Your task:
Your copy of the entries must be exact, and it must not include the pictures.
━━━━━━━━
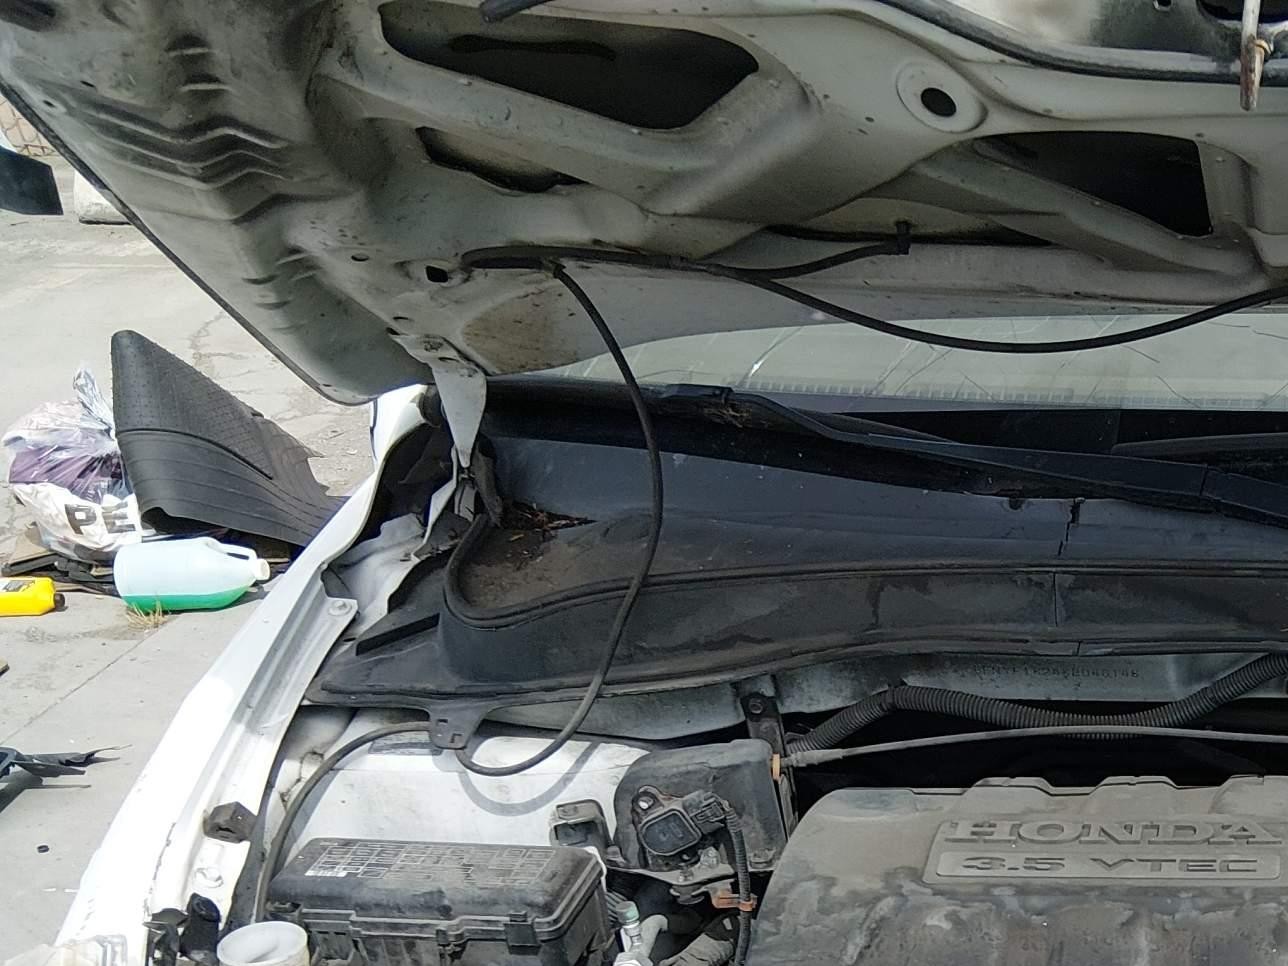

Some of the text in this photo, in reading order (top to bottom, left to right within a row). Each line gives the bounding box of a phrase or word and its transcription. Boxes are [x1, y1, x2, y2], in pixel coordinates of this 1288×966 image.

[944, 821, 1283, 846] HONDA
[961, 856, 1258, 873] 3.5 VTEC
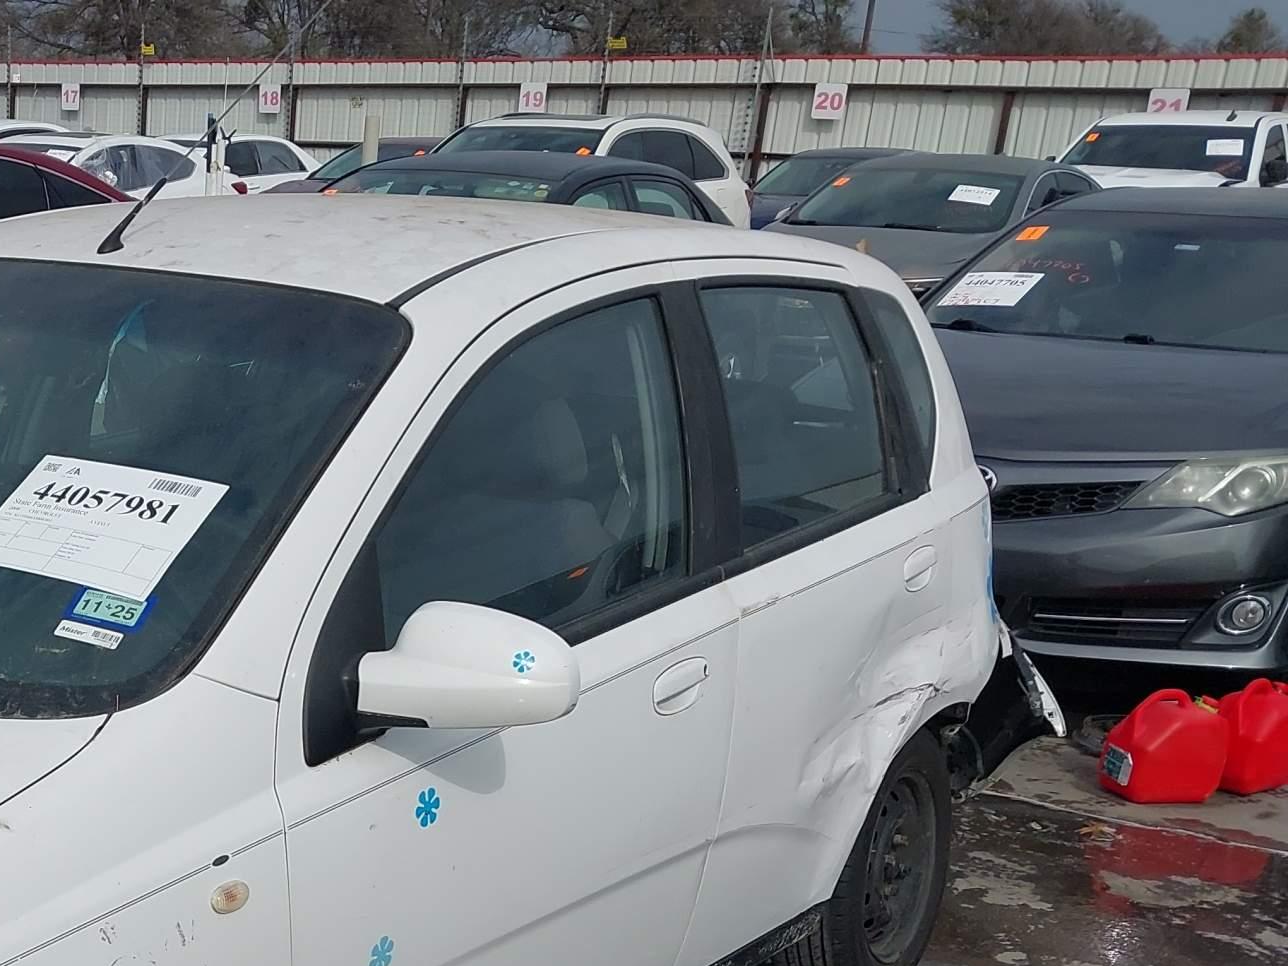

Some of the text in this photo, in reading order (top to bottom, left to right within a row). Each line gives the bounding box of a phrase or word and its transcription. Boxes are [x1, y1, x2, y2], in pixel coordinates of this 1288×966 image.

[63, 89, 78, 103] 17
[261, 91, 279, 106] 18
[522, 90, 544, 107] 19
[814, 92, 844, 111] 20
[33, 481, 181, 525] 44057981
[53, 505, 89, 517] Insurance
━━━━━━━━
Answer below:
Some of the text in this photo, in reading order (top to bottom, left to right within a row). Each line gives the bounding box of a phrase or word and its transcription. Boxes are [x1, y1, x2, y2], in pixel coordinates of this 1288×966 image.

[944, 821, 1283, 846] HONDA
[961, 856, 1258, 873] 3.5 VTEC

Some of the text in this photo, in reading order (top to bottom, left to right within a row). Each line gives the bounding box of a phrase or word and its transcription. Boxes are [x1, y1, x2, y2], in pixel coordinates of this 1288×966 image.

[63, 89, 78, 103] 17
[261, 91, 279, 106] 18
[522, 90, 544, 107] 19
[814, 92, 844, 111] 20
[33, 481, 181, 525] 44057981
[53, 505, 89, 517] Insurance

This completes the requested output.